Modeling the Sacred: Considerations when Using Religious Texts in Natural Language Processing
Ben Hutchinson

TL;DR
This paper discusses the ethical and cultural considerations of using religious texts in NLP, emphasizing the importance of understanding data provenance, cultural context, and researcher positionality to avoid biases and misrepresentation.
Contribution
It highlights the ethical implications and calls for greater awareness of cultural and religious sensitivities in NLP research involving religious texts.
Findings
Religious texts encode culturally important values.
Translations are often used to supplement scarce data.
Using religious texts raises ethical and cultural considerations.
Abstract
This position paper concerns the use of religious texts in Natural Language Processing (NLP), which is of special interest to the Ethics of NLP. Religious texts are expressions of culturally important values, and machine learned models have a propensity to reproduce cultural values encoded in their training data.
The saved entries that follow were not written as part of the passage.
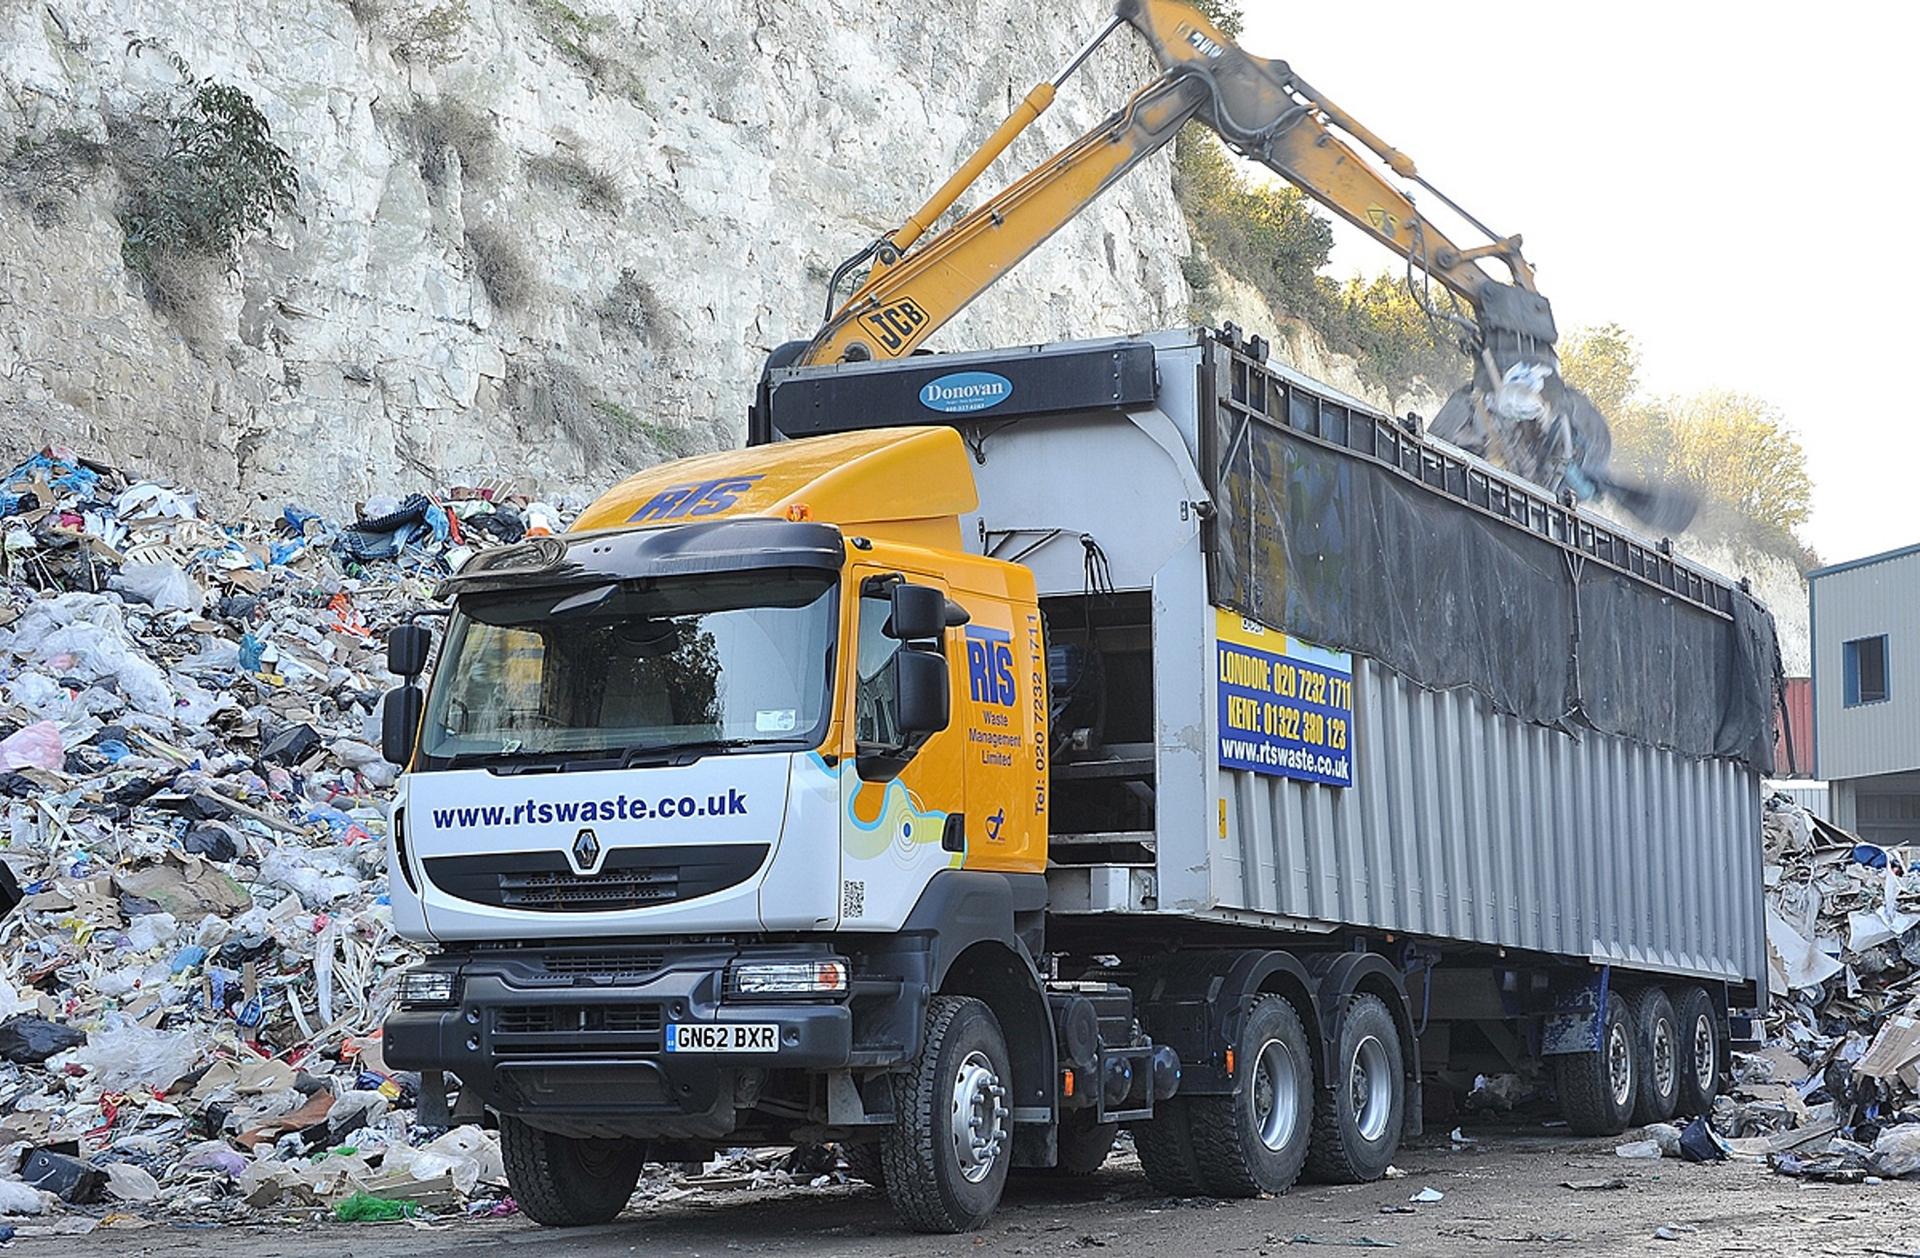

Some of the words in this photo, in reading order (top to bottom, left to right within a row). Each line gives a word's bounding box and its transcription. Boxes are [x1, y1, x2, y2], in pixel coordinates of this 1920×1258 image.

[867, 302, 924, 350] JCB
[927, 382, 1004, 401] Donovan
[626, 474, 767, 523] RTS
[1027, 614, 1041, 663] 1711
[965, 624, 1016, 707] RTS
[1219, 649, 1271, 693] LONDON:
[1274, 663, 1296, 698] 020
[1299, 669, 1326, 705] 7232
[1328, 677, 1351, 711] 1711
[983, 710, 1008, 727] Waste
[1031, 672, 1045, 727] 7232
[968, 728, 1022, 748] Management
[1227, 695, 1261, 733] KENT:
[1264, 702, 1300, 741] 01322
[1302, 711, 1324, 746] 380
[1327, 717, 1346, 751] 123
[981, 750, 1012, 767] Limited
[1034, 731, 1046, 771] 020
[1221, 738, 1350, 780] www.rtswaste.co.uk
[433, 788, 747, 828] www.rtswaste.co.uk
[1034, 779, 1046, 816] Tel:
[678, 1027, 729, 1048] GN62
[734, 1027, 775, 1048] BXR
Furthermore, translations of religious texts are frequently used by NLP researchers when language data is scarce. This repurposes the translations from their original uses and motivations, which often involve attracting new followers. This paper argues that NLP's use of such texts raises considerations that go beyond model biases, including data provenance, cultural contexts, and their use in proselytism. We argue for more consideration of researcher positionality, and of the perspectives of marginalized linguistic and religious communities.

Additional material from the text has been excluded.